1 girl….2 many books!

Foal’s Bread – Gillian Mears

on August 18, 2012

Foal’s Bread
Gillian Mears
Allen & Unwin
2011, 352p
Copy courtesy of Marg

It is 1926 in country Australia and 14yo Noah Childs and her father Cecil are in the middle of droving pigs, collecting them from the farms along their route to take them to Sydney to become dinner on many plates. Noah is left alone at the camp while her father and a couple of the men helping wander into town in search of a drink. What happens to her while she is alone will always haunt her in the back of her mind, always be a memory and the reason for which she will assume that things happen to her in the future.

It is merely days after that incident when Noah meets Rowley Nancarrow, often called Roley. Noah and her father are hitting a country show aiming to take part in the high jump on horseback and Noah is at first unaware that the young man that seeks her out is one of Australia’s finest jumpers. Roley gives Noah his good luck charm, something known as ‘foal’s bread’ and she tucks it into her bra, having no pockets. Noah’s father is often too sloshed to compete properly by the time the jumps come around so it is up to Noah and the ride that has been secured for her. They don’t win but Noah has utterly captured Roley’s attention and it seems from then on that they are a pair – competing together, wowing the crowds. Roley asks her to marry him and Noah moves out to One Tree, Roley’s family farm where she will discover, that the welcoming is not always warm.

Roley and Noah have a dream and that is to build their own team of jumping horses, travelling around to the shows and jumping records together. The dream is put on hold for Noah when she becomes pregnant with their first child, but Roley travels away to compete, making it back from Cairns just in time for the birth of their daughter Elaine, nicknamed Lainey. She will be on a pony from before she can walk, adding to Noah and Roley’s dream of running their own team one day. Roley’s father is supportive, looking for horses they might be able to buy, but Roley’s mother is resentful. She’s never quite accepted his marriage to Noah, never quite believed that Noah was good enough for her son, having a touch of Aboriginal in her and relatives that were quick to go for the drink.

Encompassing two generations of Nancarrows, Foal’s Bread is the story of pre-WW2 farming Australia, a time that is marked with the loss of WW1 but looking forward to the future and what it holds.

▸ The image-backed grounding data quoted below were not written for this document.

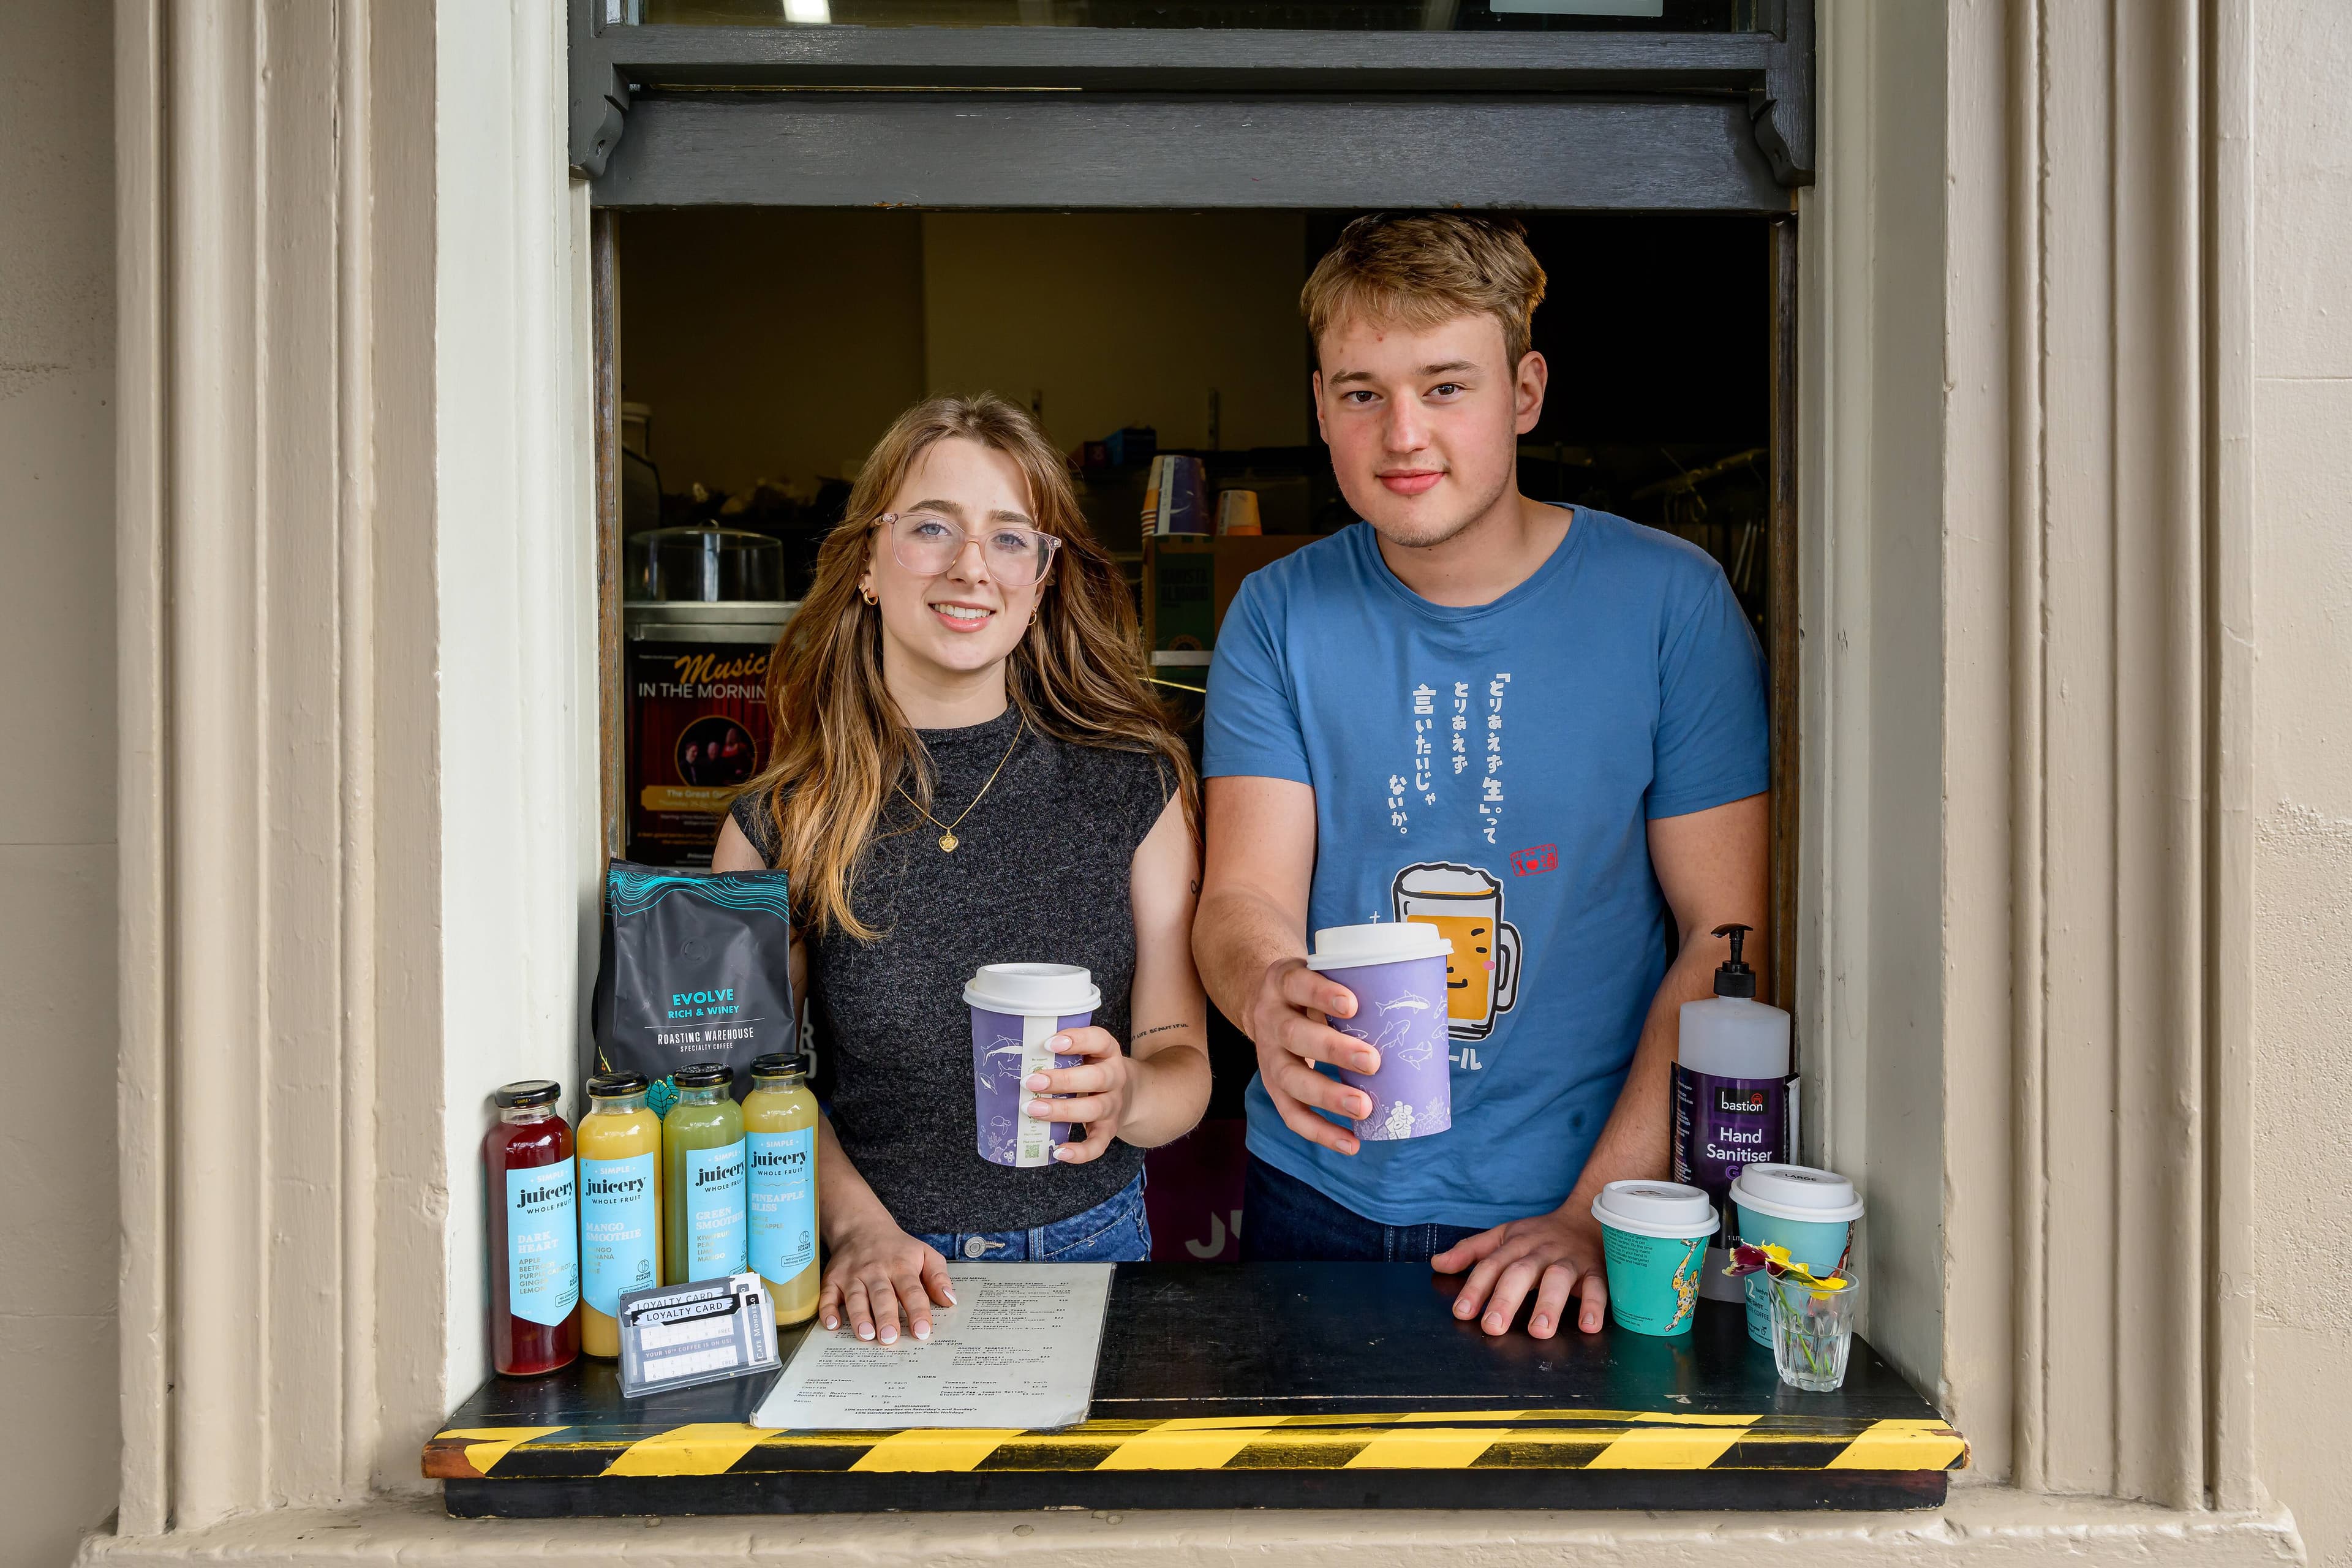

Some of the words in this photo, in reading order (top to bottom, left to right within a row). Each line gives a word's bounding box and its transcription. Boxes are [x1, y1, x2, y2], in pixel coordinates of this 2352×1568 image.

[674, 652, 766, 684] Music
[639, 683, 655, 697] IN
[660, 683, 692, 698] THE
[698, 684, 766, 699] MORNIN
[1452, 681, 1469, 775] とりあえず
[1412, 683, 1436, 806] 言いたいじゃ
[1388, 774, 1408, 835] ないか。
[673, 989, 734, 1006] EVOLVE
[668, 1009, 692, 1019] RICH
[696, 1008, 704, 1017] &
[707, 1005, 740, 1015] WINEY
[658, 1031, 701, 1045] ROASTING
[704, 1027, 754, 1042] WAREHOUSE
[680, 1044, 710, 1052] SPECIALTY
[1722, 1091, 1763, 1112] bastion
[1720, 1127, 1762, 1144] Hand
[766, 1139, 794, 1148] SIMPLE
[714, 1150, 738, 1162] SIMPLE
[751, 1150, 808, 1169] juicery
[1706, 1144, 1773, 1162] Sanitiser
[537, 1170, 564, 1183] SIMPLE
[600, 1166, 630, 1175] SIMPLE
[695, 1160, 745, 1186] juicery
[1784, 1173, 1817, 1182] LARGE
[516, 1180, 574, 1208] juicery
[586, 1176, 647, 1197] juicery
[704, 1183, 729, 1193] WHOLE
[752, 1190, 804, 1202] PINEAPPLE
[527, 1205, 554, 1214] WHOLE
[557, 1198, 571, 1208] FRUIT
[696, 1206, 731, 1220] GREEN
[752, 1201, 777, 1212] BLISS
[586, 1222, 624, 1232] MANGO
[518, 1231, 551, 1243] DARK
[586, 1229, 642, 1242] SMOOTHIE
[518, 1239, 559, 1254] HEART
[686, 1292, 713, 1303] CARD
[647, 1307, 692, 1322] LOYALTY
[696, 1302, 723, 1313] CARD
[678, 1343, 701, 1352] COFFEE

I’ve been meaning to read Foal’s Bread for some time. Marg from over at Adventures of an Intrepid Reader passed on a copy to me and I had always planned to read it for part of the Australian Women Writers Challenge 2012. However the announcement of Gillian Mears’ In Conversation event at the Melbourne Writers Festival that I’ve booked in to attend had me bumping it right up the list so that I could finish it before I went to hear her talk. I’d heard a lot of amazing comments about this book on twitter, including a rather steady campaign that it should’ve been awarded the Miles Franklin award that went to All That I Am. I was underwhelmed by the winner’s depiction of Australian life, so I was very keen to read this one and see how it compared.

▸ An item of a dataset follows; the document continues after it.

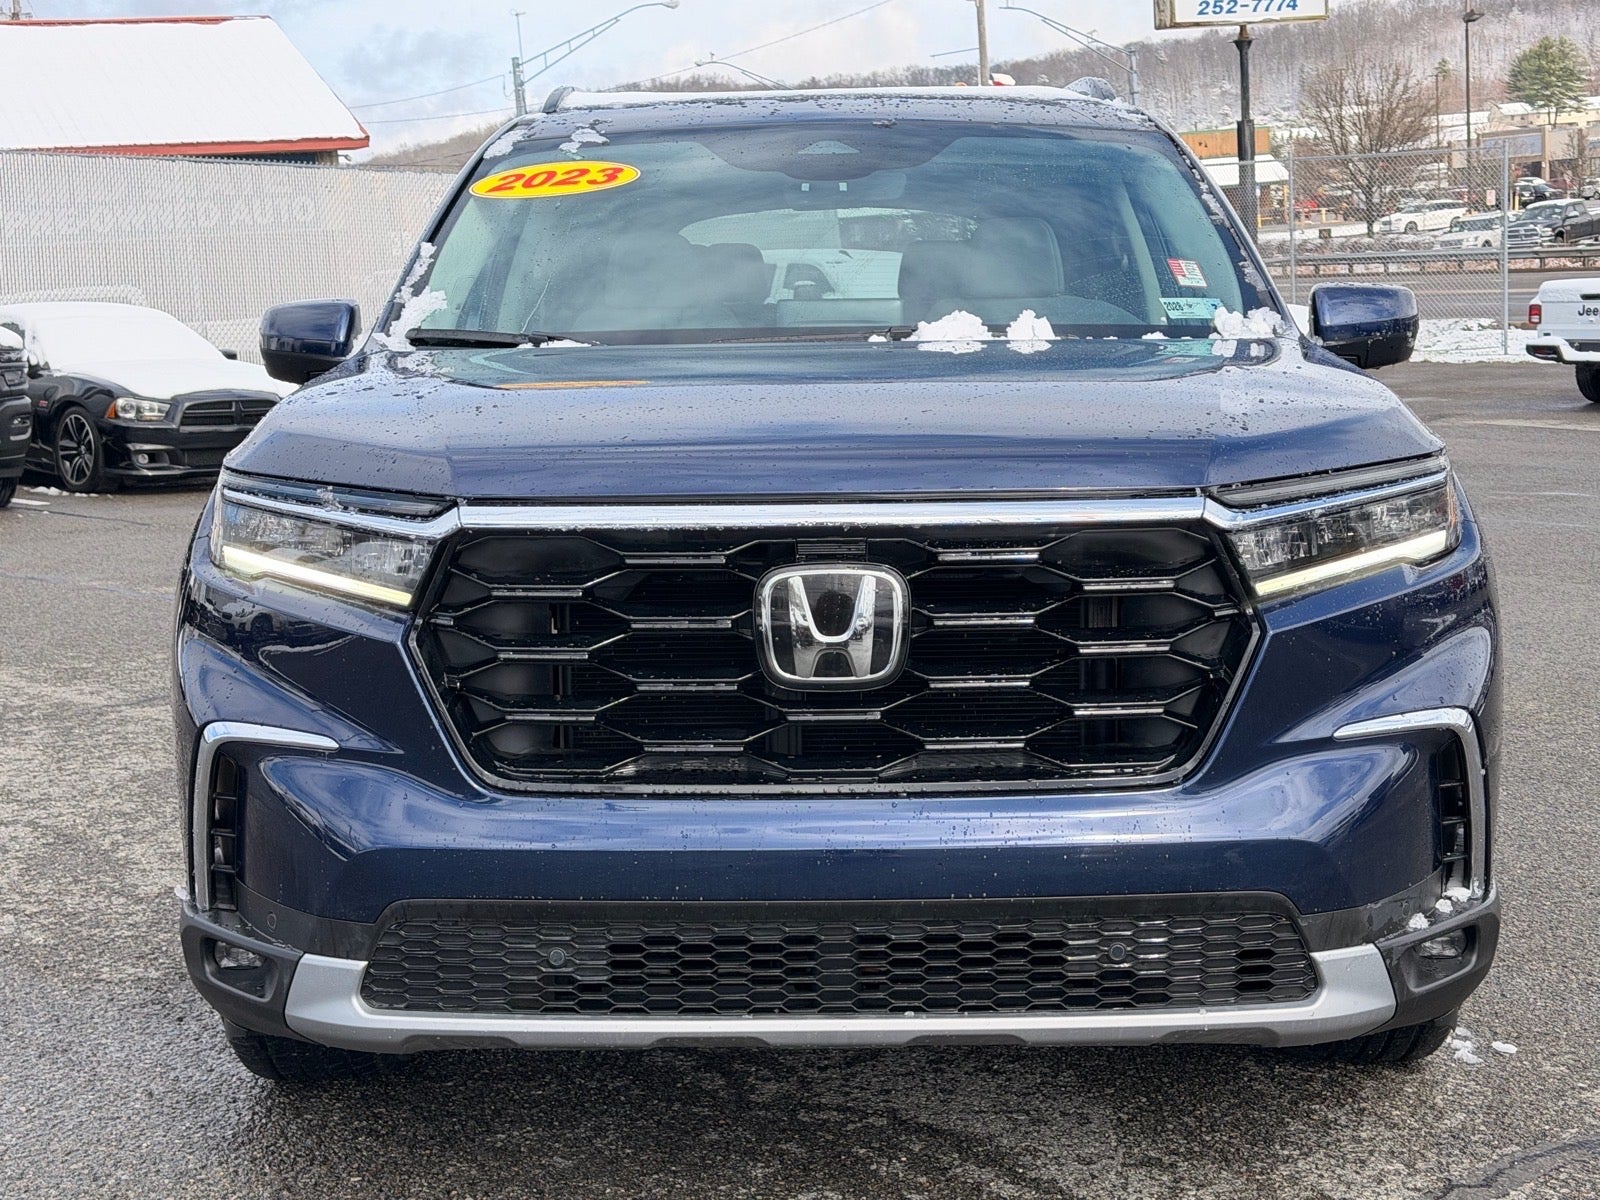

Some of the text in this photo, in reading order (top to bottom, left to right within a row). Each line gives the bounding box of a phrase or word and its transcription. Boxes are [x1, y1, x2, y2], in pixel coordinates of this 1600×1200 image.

[1197, 0, 1298, 15] 252-7774
[485, 167, 625, 193] 2023
[230, 195, 316, 227] AUTO
[1577, 304, 1600, 317] Jee

I was hooked from the very first pages – the descriptions of Noah and her father, the land and the homesteads but it was what happens to Noah alone near the creek with just the pigs nearby where this book became one I’ll always remember. It’s hard to talk about without spoiling it for those who haven’t read it, but it’s such a heartwrenching scene made all the more so by Noah’s matter of factness about it and her quiet resolution of the situation. I don’t know how a 14yo girl managed to act that way, her upbringing with her father and her now deceased Uncle Nipper seems to have made her more male than female in many ways. However it’s soon obvious that although Noah dealt with this situation, it’s never truly far from her mind, the memory coming up many times throughout the story. Sometimes she seems to think that what she did is the reason things happen later in her life, why she is punished – except the punishment doesn’t happen to her, it happens to the people she loves.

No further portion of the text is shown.